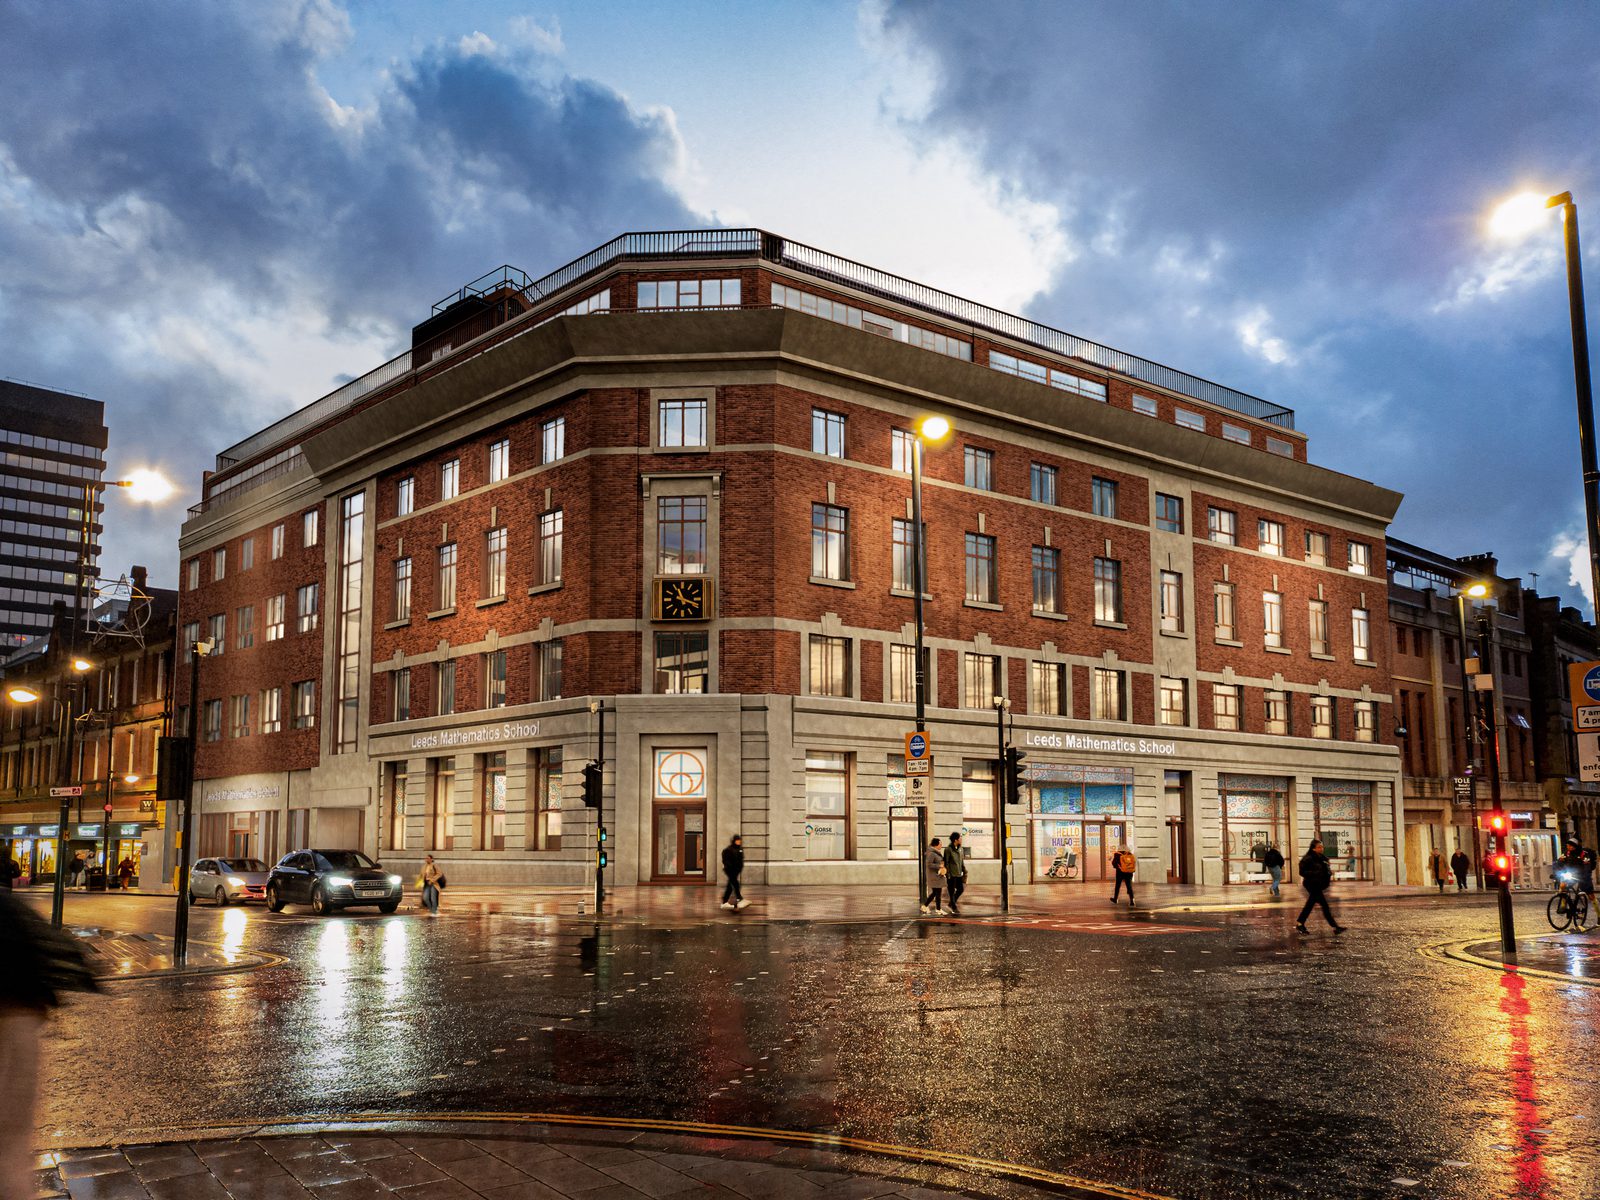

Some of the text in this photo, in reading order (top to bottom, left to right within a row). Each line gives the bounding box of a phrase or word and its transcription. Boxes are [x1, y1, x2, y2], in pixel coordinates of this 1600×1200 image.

[412, 721, 540, 748] Leeds Mathematics School
[1026, 732, 1175, 754] Leeds Mathematics School
[1057, 828, 1079, 837] HELLO
[1052, 838, 1072, 846] HALO

++++++++++

◆ **EXERCISE DESCRIPTION**:
The answer is the complete set of records, copied exactly, with pictures omitted.

◆ **ANSWER**:
Some of the text in this photo, in reading order (top to bottom, left to right within a row). Each line gives the bounding box of a phrase or word and its transcription. Boxes are [x1, y1, x2, y2], in pixel coordinates of this 1600×1200 image.

[412, 721, 540, 748] Leeds Mathematics School
[1026, 732, 1175, 754] Leeds Mathematics School
[1057, 828, 1079, 837] HELLO
[1052, 838, 1072, 846] HALO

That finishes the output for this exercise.